Once the service is running, you can use ros service call with the `RunObjectTracker.srv` (located in dbot_ros_msgs) to trigger the service to track the desired object. You can call the service either for your own c++ ros node, a python node

or using the `roservice call` command.



### Run Tracker service via `rosservice call `

Here is an example on how to trigger the tracker service using the `rosservice call` command

```bash

$ rosservice call /object_tracker_service \

$ [

$   my_mug_box,

$   [object_meshes, object_models, mugbox.obj],

$   [

$     [0, 0, /XTOIN],

$     [

$       [0, 0, 0.7],

$       [0, 0, 0, 0]

$     ]

$   ]

$ ]"

```



Breaking down the above command line:

rosservice expects 

```bash

$ rosservice   "service message value"

```

Here `/object_tracker_service` is the tracker service topic name.

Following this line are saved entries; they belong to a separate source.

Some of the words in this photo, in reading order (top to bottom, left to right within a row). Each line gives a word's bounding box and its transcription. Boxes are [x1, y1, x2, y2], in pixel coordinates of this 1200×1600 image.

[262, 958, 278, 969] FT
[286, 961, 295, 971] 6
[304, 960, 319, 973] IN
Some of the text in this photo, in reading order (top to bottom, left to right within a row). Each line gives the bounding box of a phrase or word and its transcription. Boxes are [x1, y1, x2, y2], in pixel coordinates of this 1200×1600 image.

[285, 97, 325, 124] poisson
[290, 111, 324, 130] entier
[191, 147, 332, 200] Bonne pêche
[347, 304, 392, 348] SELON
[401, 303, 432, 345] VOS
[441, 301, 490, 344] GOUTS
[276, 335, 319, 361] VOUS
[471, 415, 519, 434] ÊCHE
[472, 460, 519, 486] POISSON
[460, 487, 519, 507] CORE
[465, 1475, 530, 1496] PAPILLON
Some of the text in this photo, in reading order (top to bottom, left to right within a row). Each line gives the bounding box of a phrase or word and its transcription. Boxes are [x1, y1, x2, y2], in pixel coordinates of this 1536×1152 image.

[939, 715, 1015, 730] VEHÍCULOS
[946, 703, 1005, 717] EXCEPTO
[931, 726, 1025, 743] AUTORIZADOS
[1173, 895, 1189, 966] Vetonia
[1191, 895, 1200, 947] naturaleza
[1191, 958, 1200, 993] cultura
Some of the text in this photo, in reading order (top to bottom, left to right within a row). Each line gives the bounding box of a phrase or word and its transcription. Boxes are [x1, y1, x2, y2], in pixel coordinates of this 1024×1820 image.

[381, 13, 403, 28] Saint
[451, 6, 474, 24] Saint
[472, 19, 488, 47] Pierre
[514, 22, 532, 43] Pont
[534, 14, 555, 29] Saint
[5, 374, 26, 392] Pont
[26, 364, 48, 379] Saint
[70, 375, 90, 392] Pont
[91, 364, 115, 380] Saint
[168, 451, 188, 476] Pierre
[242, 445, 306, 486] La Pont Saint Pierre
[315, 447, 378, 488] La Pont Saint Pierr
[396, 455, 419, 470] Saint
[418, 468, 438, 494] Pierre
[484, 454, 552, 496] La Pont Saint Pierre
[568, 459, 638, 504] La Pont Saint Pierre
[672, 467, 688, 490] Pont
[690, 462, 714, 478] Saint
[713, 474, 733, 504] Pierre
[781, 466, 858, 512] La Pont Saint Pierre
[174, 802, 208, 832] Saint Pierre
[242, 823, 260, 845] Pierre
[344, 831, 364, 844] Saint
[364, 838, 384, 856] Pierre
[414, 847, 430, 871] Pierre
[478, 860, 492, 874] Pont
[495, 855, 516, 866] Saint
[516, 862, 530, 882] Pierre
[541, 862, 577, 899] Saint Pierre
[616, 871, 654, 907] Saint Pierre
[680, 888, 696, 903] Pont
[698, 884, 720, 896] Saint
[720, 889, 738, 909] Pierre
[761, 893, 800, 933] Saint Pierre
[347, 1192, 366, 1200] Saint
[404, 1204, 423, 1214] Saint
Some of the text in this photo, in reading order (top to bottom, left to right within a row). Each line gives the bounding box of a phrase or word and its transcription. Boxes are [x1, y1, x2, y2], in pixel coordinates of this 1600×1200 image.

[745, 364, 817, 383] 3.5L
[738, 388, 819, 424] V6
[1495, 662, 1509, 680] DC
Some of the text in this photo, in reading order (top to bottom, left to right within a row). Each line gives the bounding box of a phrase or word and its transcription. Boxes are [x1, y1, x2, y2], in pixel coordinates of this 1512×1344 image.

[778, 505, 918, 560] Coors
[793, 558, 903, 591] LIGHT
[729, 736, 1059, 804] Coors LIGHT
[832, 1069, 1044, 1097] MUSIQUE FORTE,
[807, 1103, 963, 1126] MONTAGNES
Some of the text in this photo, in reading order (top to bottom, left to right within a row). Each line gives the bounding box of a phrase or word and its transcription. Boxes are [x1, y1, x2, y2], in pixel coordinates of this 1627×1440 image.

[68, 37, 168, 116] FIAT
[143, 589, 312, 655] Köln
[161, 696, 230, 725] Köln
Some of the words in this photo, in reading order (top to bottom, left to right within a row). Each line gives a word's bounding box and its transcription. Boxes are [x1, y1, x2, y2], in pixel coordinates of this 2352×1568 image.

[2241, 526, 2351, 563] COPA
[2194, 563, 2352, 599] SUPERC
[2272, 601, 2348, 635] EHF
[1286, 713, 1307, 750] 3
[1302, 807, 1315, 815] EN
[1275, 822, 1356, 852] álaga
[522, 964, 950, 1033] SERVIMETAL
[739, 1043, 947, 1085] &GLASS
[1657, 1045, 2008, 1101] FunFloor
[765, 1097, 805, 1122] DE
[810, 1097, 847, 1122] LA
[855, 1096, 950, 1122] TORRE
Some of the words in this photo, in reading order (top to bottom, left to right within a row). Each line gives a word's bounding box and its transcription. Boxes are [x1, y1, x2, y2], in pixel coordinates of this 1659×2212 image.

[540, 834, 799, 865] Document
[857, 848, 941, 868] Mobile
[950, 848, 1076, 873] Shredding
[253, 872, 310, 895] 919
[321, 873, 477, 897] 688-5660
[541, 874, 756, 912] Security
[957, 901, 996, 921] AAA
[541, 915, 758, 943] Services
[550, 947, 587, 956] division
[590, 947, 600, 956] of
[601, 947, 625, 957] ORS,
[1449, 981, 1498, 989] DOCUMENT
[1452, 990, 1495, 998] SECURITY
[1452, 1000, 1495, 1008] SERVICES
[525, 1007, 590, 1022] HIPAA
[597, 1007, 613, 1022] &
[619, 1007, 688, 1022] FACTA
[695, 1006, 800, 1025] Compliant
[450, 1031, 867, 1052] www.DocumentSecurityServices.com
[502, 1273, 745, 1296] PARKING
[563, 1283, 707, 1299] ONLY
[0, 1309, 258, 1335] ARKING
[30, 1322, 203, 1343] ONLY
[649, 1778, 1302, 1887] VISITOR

What follows is the value of `RunObjectTracker.srv` service definition:



     [ObjectState]

     ObjectState = [name, ObjectOri, geometry_msgs/PoseStamped]

     ObjectOri = [package, directory, object_mesh.obj]

     geometry_msgs/PoseStamped = [header, geometry_msgs/Pose]

     header = [seq, stamp, frame_id]

     geometry_msgs/Pose = [position, orientation]

     position = [x, y, z]

     orientation = [qx, qy, qz, qw]

 

The tracking estimate is published under the topic `/object_tracker_service/object_state`.

 

### Tracker Service via rospy 

Here is a simple listing to trigger the object tracker service which is available at `dbot_ros/scripts/track_object_service_call_example.py`.



```python

#!/usr/bin/env python



import sys

import rospy

from std_msgs.msg import Header

from dbot_ros_msgs.srv import RunObjectTracker

from dbot_ros_msgs.msg import ObjectState

from dbot_ros_msgs.msg import ObjectOri

from geometry_msgs.msg import Point

from geometry_msgs.msg import Quaternion

from geometry_msgs.msg import Pose

from geometry_msgs.msg import PoseStamped



def track_object(object_name):

  print "Waiting for service..."

  rospy.wait_for_service("/object_tracker_service")



  try:

    run_object_tracker = rospy.ServiceProxy('/object_tracker_service', RunObjectTracker)



    # set initial pose

    pose = Pose(position=Point(0, 0, 0.7),

                orientation=Quaternion(0, 0, 0, 0))



    # set Object resource identifier to find the model

    ori = ObjectOri(package = "object_meshes",

                    directory="object_models",

                    name=object_name + ".obj")



    # construct the ObjectState message for the service call

    object_state = ObjectState(

            name=object_name,

            ori=ori,

            pose=PoseStamped(

                   pose=pose,

                   header=Header(seq=0, stamp=rospy.Time(0), frame_id='')))



    print "Calling tracker service to track the %s object" % object_name

    run_object_tracker(object_state)

  except rospy.ServiceException, e:

      print "Calling object tracker service failed: %s" % e



if __name__ == "__main__":

  track_object(sys.argv[1])

```

You can run the script as follows:

```bash

$ rosrun dbot_ros track_object_service_call_example.py MyDuck

```

Again, the tracking estimate is published under the topic `/object_tracker_service/object_state`.